-------- Exercise materials

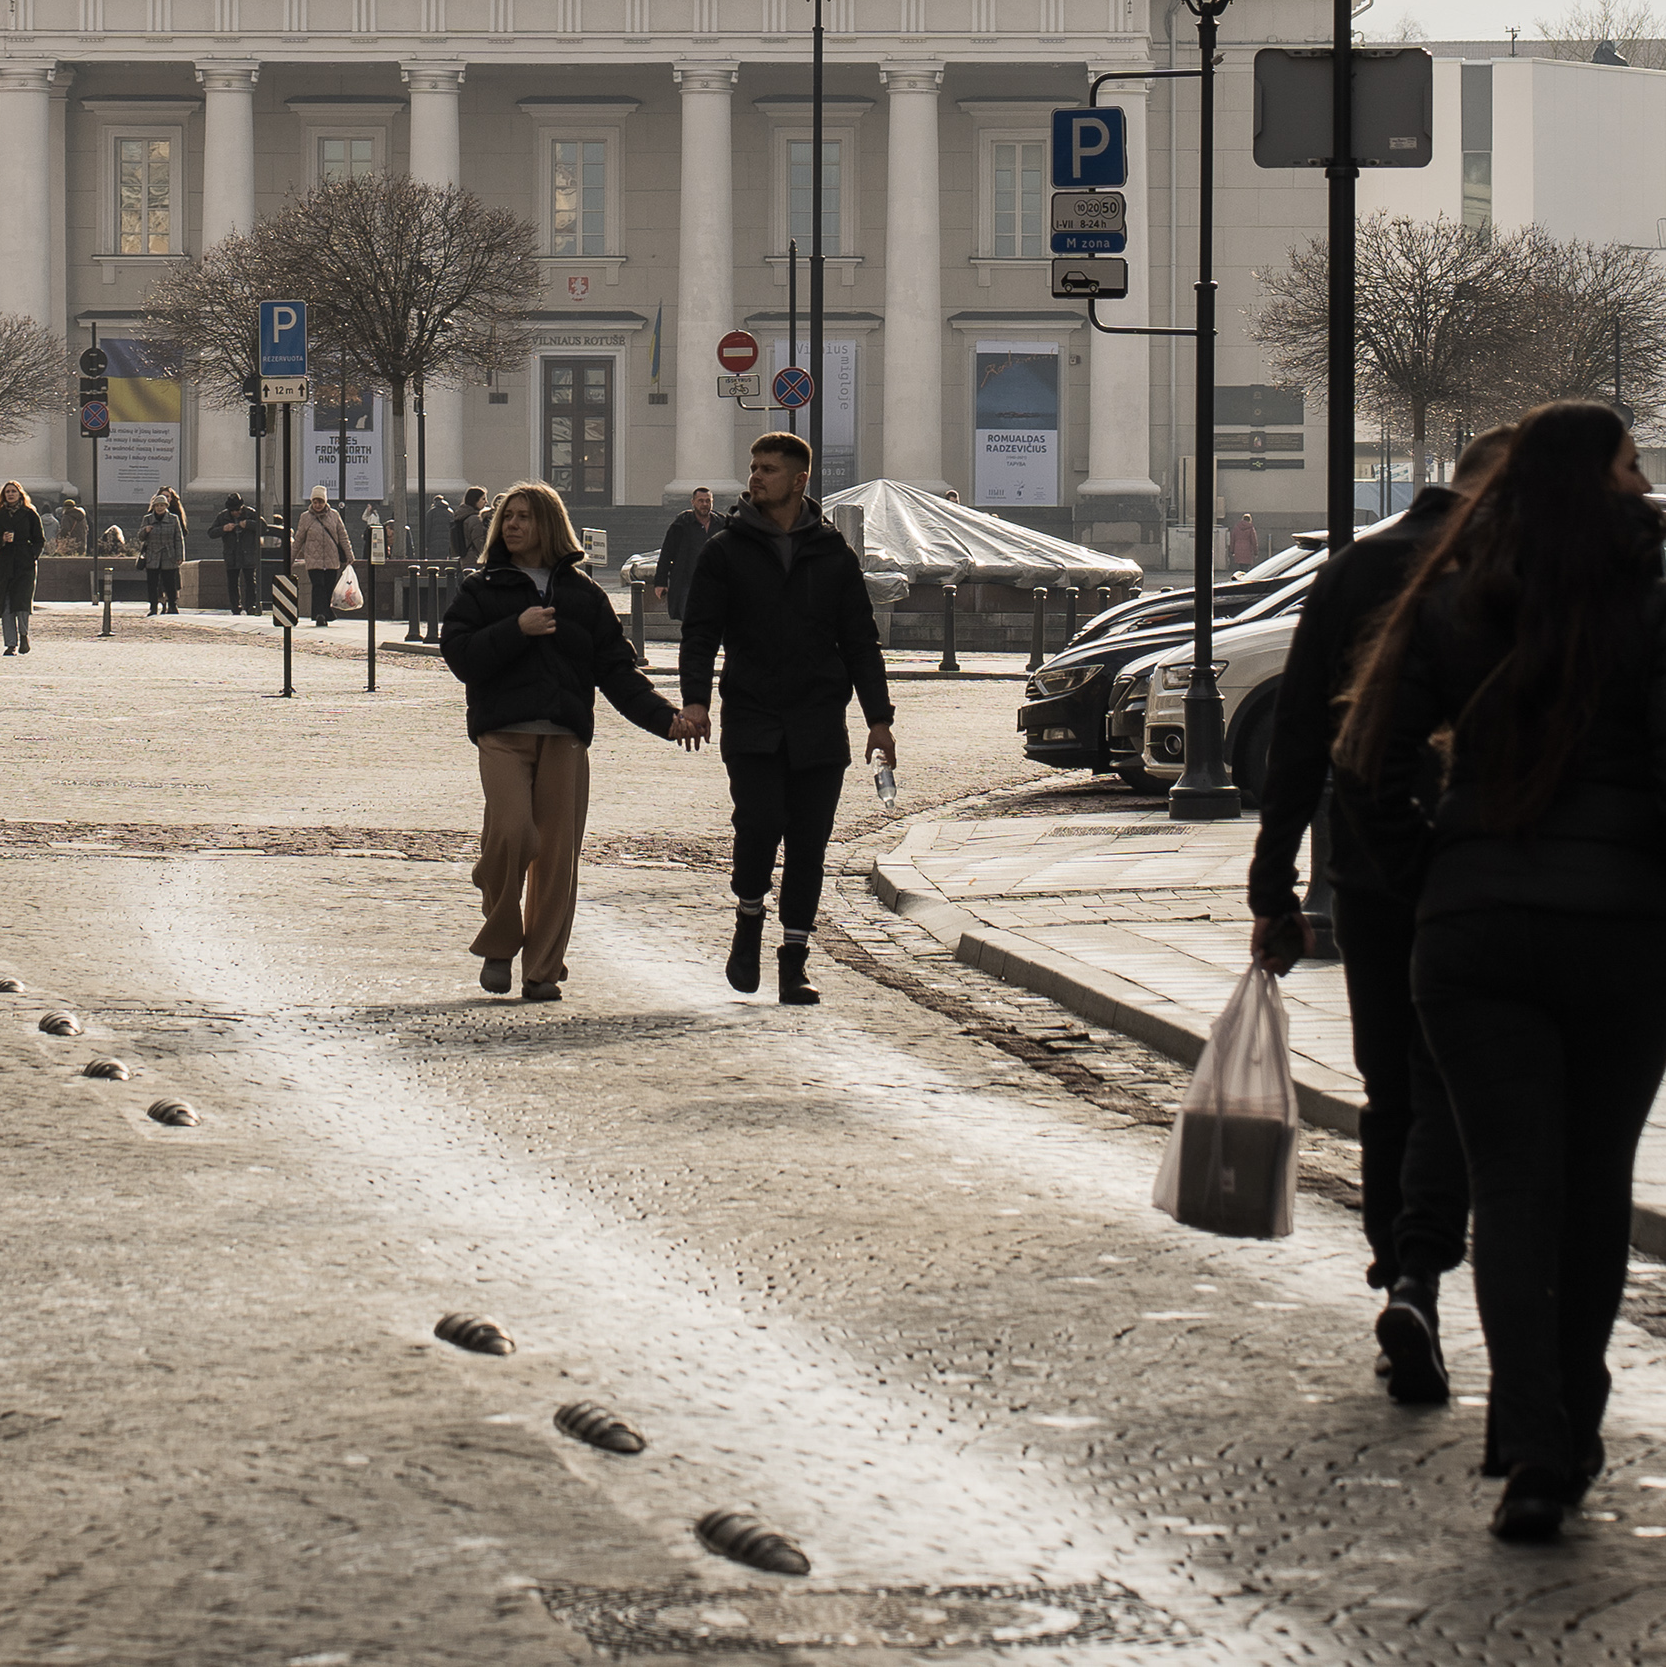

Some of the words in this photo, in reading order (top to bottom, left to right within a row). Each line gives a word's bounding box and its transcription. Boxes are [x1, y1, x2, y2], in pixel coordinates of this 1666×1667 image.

[1072, 117, 1110, 179] P
[1101, 202, 1117, 214] 50
[1056, 220, 1073, 228] I-VII
[1066, 238, 1077, 248] M
[1081, 240, 1110, 248] zona
[273, 306, 297, 344] P
[532, 336, 581, 346] VILNIAUS
[583, 334, 626, 346] ROTUŠĖ
[796, 342, 848, 354] Viius
[263, 355, 303, 363] REZERVUOTA
[837, 356, 851, 410] migloje
[275, 386, 284, 394] 12
[329, 436, 357, 445] TAES
[987, 434, 1045, 443] ROMUALDAS
[315, 446, 340, 454] FROM
[986, 442, 1047, 453] RADZEVIČIUS
[318, 456, 336, 464] AND
[345, 456, 368, 464] OUTH

----------------

Task directions => The answer must repeat every line of the listing exactly and leave the pictures out.

Solution to the exercise =>
Some of the words in this photo, in reading order (top to bottom, left to right within a row). Each line gives a word's bounding box and its transcription. Boxes are [x1, y1, x2, y2], in pixel coordinates of this 1666×1667 image.

[1072, 117, 1110, 179] P
[1101, 202, 1117, 214] 50
[1056, 220, 1073, 228] I-VII
[1066, 238, 1077, 248] M
[1081, 240, 1110, 248] zona
[273, 306, 297, 344] P
[532, 336, 581, 346] VILNIAUS
[583, 334, 626, 346] ROTUŠĖ
[796, 342, 848, 354] Viius
[263, 355, 303, 363] REZERVUOTA
[837, 356, 851, 410] migloje
[275, 386, 284, 394] 12
[329, 436, 357, 445] TAES
[987, 434, 1045, 443] ROMUALDAS
[315, 446, 340, 454] FROM
[986, 442, 1047, 453] RADZEVIČIUS
[318, 456, 336, 464] AND
[345, 456, 368, 464] OUTH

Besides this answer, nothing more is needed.